In the case of our family, blame is a non-issue. We can see family members on both sides of the family that are definitely leaning toward AS. I know that OCD/ panic disorders run in my family, and affects me to a certain extent. My husband probably sits the on the fence of being on the spectrum. We came to realize that between my panic attacks and his concrete thinking, we were not doing as good a job as we could being parents to our children. We decided that we had better get a handle on our own problems. Please note that we did this with very little outside “professional” help. We approached it the same way we try to approach every problem, as a family.
I have a firm belief in the power of food to heal. You are what you eat, garbage in, garbage out. Our grandmothers had the right idea. Only now it is harder because our food is so contaminated, and we also are dealing with having immune system reactions to normally healthy foods. We committed to spending the extra money it would take to go totally organic, as much as possible.
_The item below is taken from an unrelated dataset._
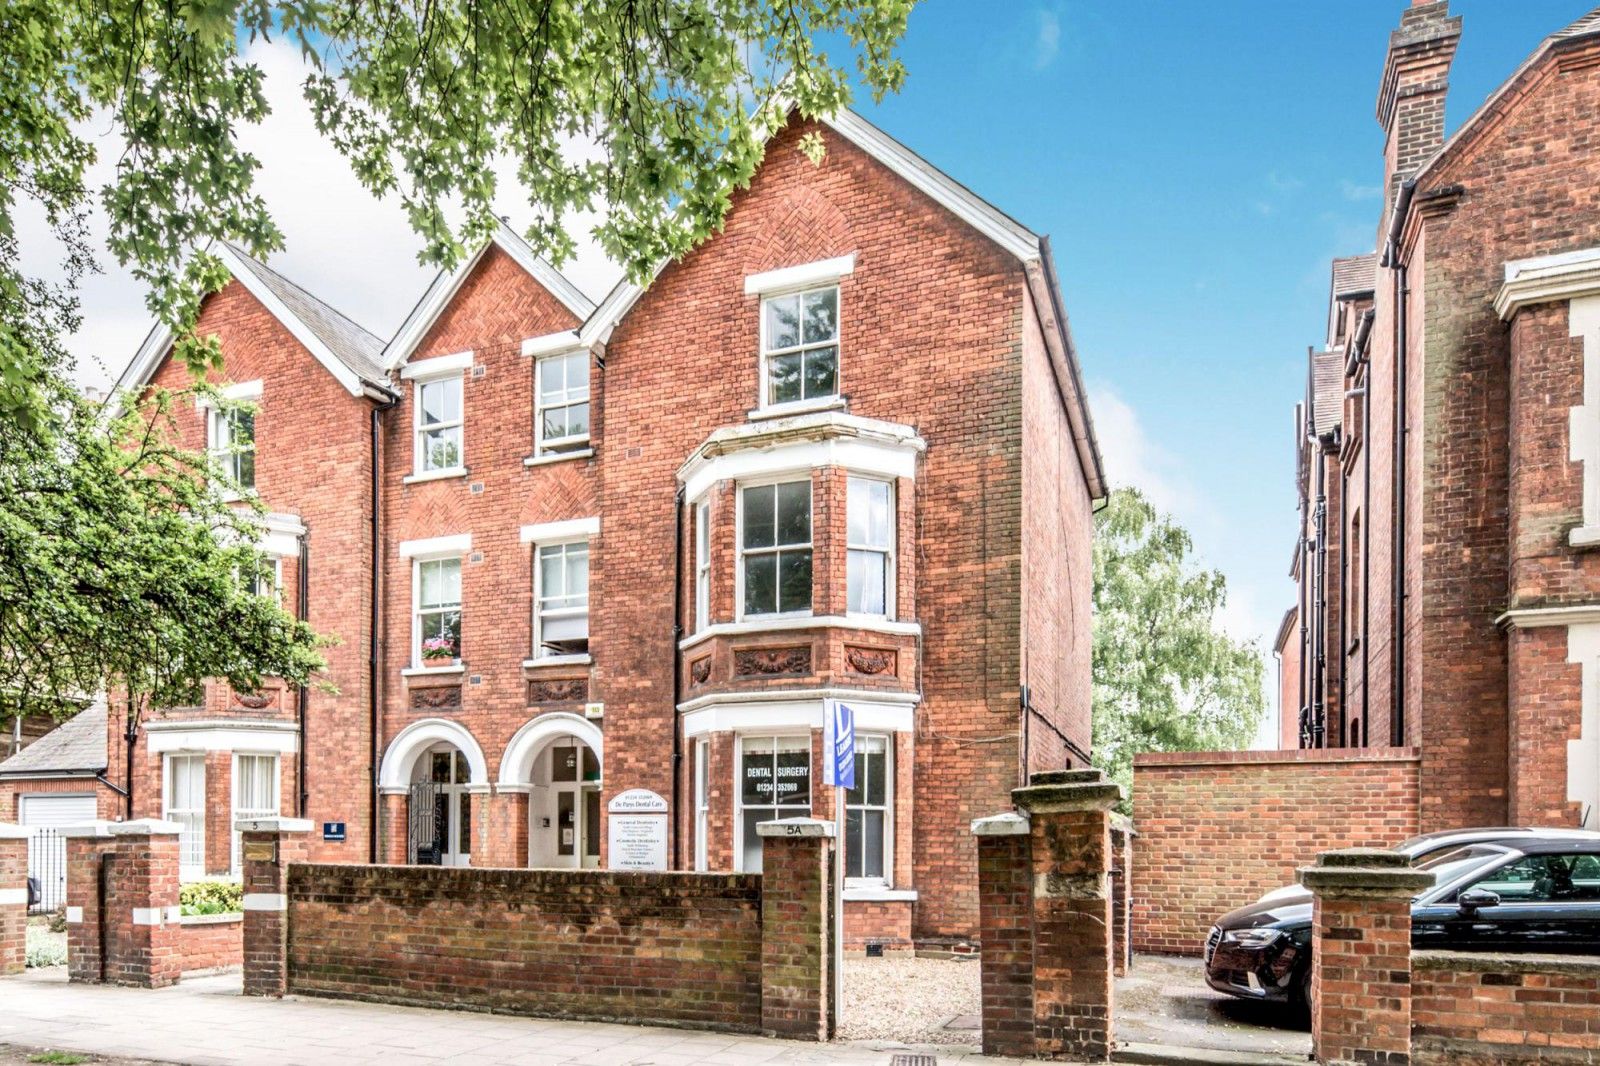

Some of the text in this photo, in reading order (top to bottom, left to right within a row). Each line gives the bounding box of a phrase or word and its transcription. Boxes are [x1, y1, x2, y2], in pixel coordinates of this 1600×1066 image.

[747, 766, 808, 777] DENTAL SURGERY
[756, 783, 773, 792] 01234
[252, 822, 258, 830] 5
[787, 825, 802, 835] 5A
My husband made the hard decision to go gfcf with amazing results. He lost 55 pounds, and has taken himself off the spectrum. I actually tried being conservative, and went to the doctor for my problems. Her answer was to go on prozac. I wanted to get to the root of my problems, not mask them. I have plenty of family members who have gone the prozac route. Generally the side effects of massive weight gain, apathy and sexual disfunction made this a very unattractive option for me. I started doing some research and found a diet (the Schwarzbein Principle) which has helped me be healthier. I have only had one small panic attack in two years, and at that time I was not following the diet as well as I should.
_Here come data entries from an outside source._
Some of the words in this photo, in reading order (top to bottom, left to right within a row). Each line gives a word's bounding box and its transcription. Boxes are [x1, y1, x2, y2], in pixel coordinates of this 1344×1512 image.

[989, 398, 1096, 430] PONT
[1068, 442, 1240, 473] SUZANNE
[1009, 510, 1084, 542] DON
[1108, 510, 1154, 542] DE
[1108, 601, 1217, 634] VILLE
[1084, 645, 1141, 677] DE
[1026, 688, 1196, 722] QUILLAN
It took us a long time to get where we are now. I know divorce is a big problem for families with children on the spectrum. The stress, worry, and medical bills alone are enough to end most marriages. Often one parent is striving for answers to Autism and the parent on the spectrum is not supportive of the effort. We decided that this kind of atmosphere of stress and worry was no way to live, and was bad for the children. We wanted to stop lurching toward divorce. You can make changes to better your family. It takes courage, humility, integrity, and a lot of determination. It takes sacrifice on the part of the adults in the family for the sake of the children. Is following all of these diets and treatment protocols easy? Heck no. I have got more flack from relatives, teachers, pediatricians, neurologists….. but it has been worth every minute to watch my family grow, pulling together instead of tearing apart. I know I sound like a corny motivational speaker, but seize the day! You CAN change your life, and autism IS treatable and reversible. Even in ourselves.